Julia Roberts, Mahershala Ali and Ethan Hawke star in Sam Esmail’s effective dystopian thriller
Dir: Sam Esmail. US. 2023. 139mins
With Hitchcockian flair and creeping unease, writer-director Sam Esmail’s second feature is a confident, entertaining thriller about two families forced to live together in the middle of nowhere as civilization collapses around them. Leave The World Behind draws from familiar elements, but this adaptation of Rumaan Alam’s 2020 novel stands out thanks to its excellent performances and slow, superb escalation of tension. Highlighted by a commanding turn from Julia Roberts, who previously worked with Esmail on his Prime Video series Homecoming, the entire ensemble shines, crafting a portrait of the end of the world that doubles as an examination of the helplessness felt by many in the face of life’s invisible dangers.
Excellent performances and slow, superb escalation of tension
Leave The World Behind is an appropriate opening-night world premiere for AFI Fest considering that Esmail is an alumni of the American Film Institute. Netflix will release the nerve-wracking picture in US theatres on November 22 before it comes to the streaming platform on December 8. The recognisable genre elements should help attract viewers, as will a cast that includes Mahershala Ali and Ethan Hawke.
Wanting to get out of town with her professor husband Clay (Hawke) and their two teenage children (Charlie Evans and Farrah Mackenzie), Manhattan advertising executive Amanda (Roberts) impulsively rents a posh vacation house out in Long Island, excited to have a break. But once they arrive, strange occurrences — including an oil tanker inexplicably running ashore while they are on the beach — start to unnerve them, leading to the disturbing arrival of G.H. (Ali) and his daughter Ruth (Myha’la) in the middle of the night. G.H. explains that he is the one who rented Amanda the house, saying they need to crash there as a blackout has paralysed New York City. Clay wants to help them but Amanda is distrustful, convinced that G.H. is hiding something.
Best known for his Emmy-winning sci-fi series Mr. Robot, Esmail plugs into a similar strain of elegant paranoia for Leave The World Behind, constantly hinting that unseen menace awaits Amanda and her family. Are G.H. and Ruth not who they claim to be? Why do deer keep showing up in the backyard, staring eerily at the house? Why aren’t their television, radio or cell phones picking up a signal? Those questions only lead to more, as Esmail and cinematographer Tod Campbell ratchet up the suspense, sometimes placing the camera above the characters’ heads, pointing straight down, like a pitiless deity watching the protagonists wrestle with their anxiety as it becomes increasingly clear that there is more than a blackout at play.
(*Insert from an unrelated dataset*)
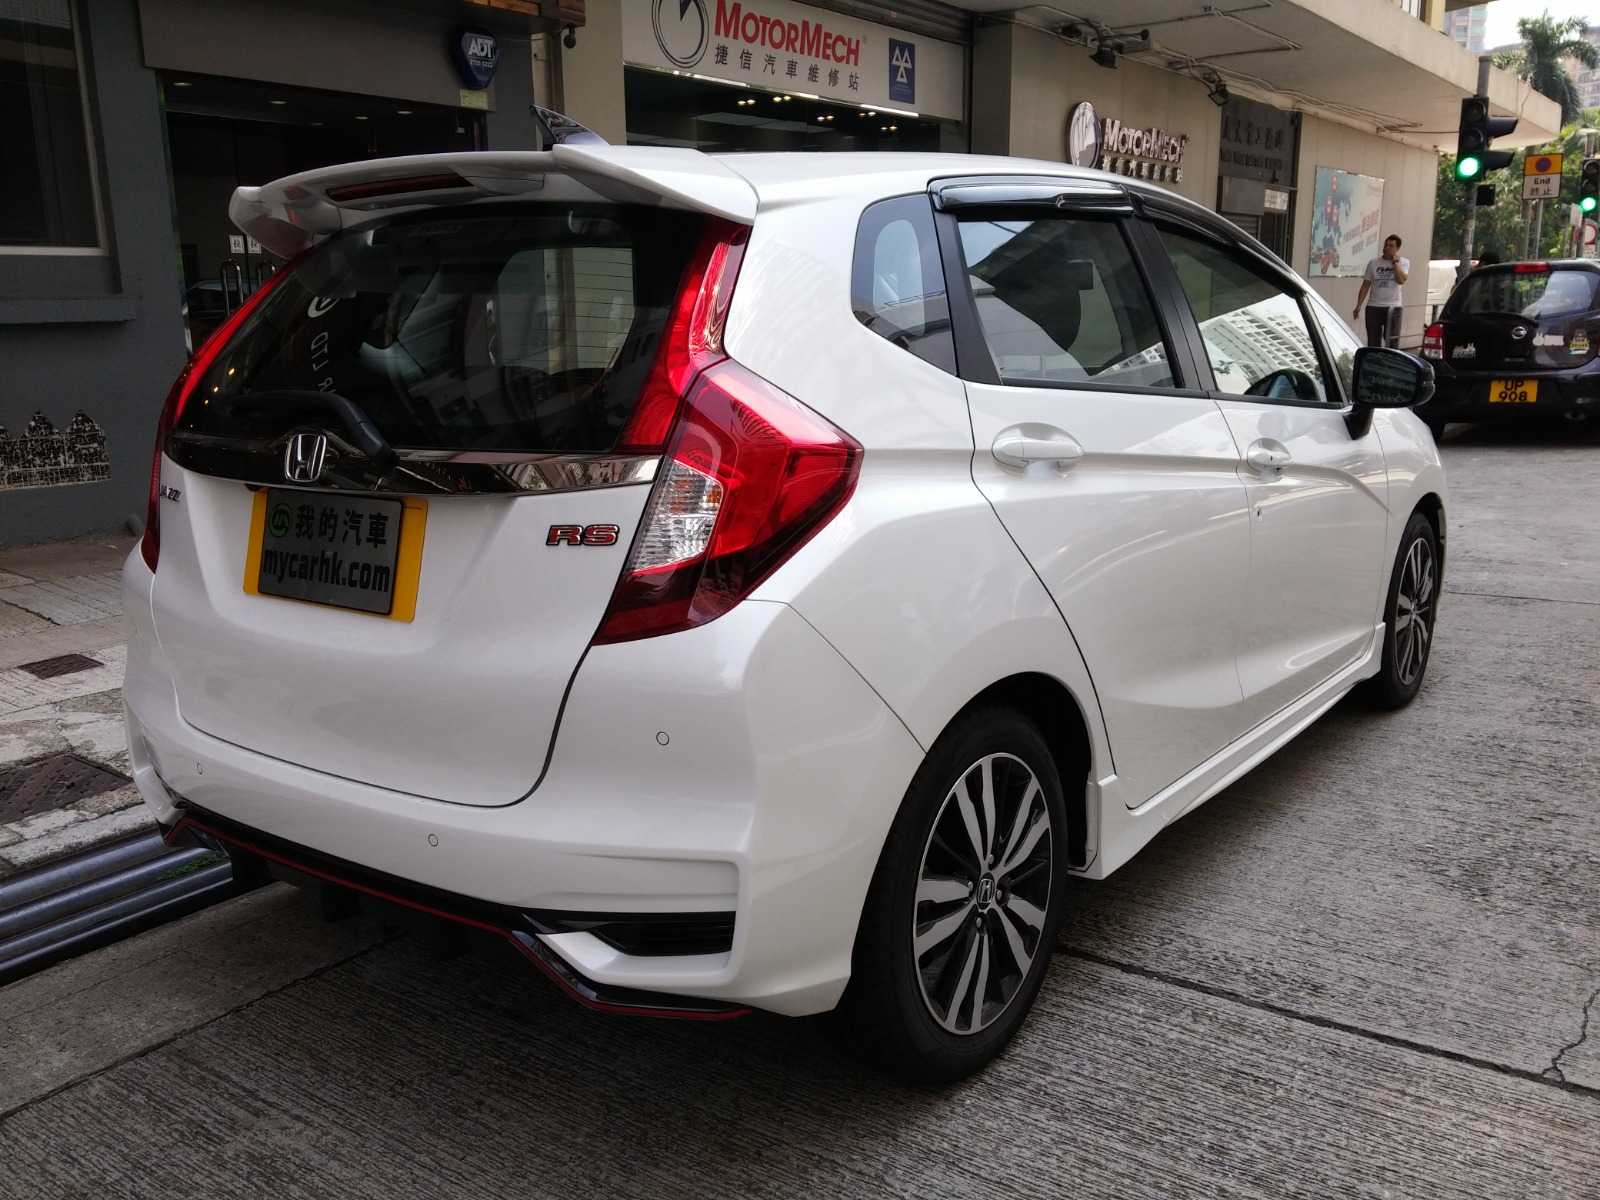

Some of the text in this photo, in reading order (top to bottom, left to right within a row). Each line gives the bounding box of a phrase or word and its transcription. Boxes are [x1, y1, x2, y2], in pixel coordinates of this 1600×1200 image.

Cut off from news sources — and unable to get to the nearest town thanks to a sly surprise that is one of the film’s darkest jokes — Amanda and G.H. square off, rarely agreeing on what to do. Roberts impresses as a hard-edged wife and mother who long ago became the assertive one in her marriage. (Hawke is amusingly ineffectual, turning Clay into an amiable but weak beta-male.) G.H. proves to be a worthy adversary — unless, of course, he truly does mean no harm — and Ali constantly makes the character charming and opaque in equal measure, never letting us (or Amanda) know for sure what to think of him.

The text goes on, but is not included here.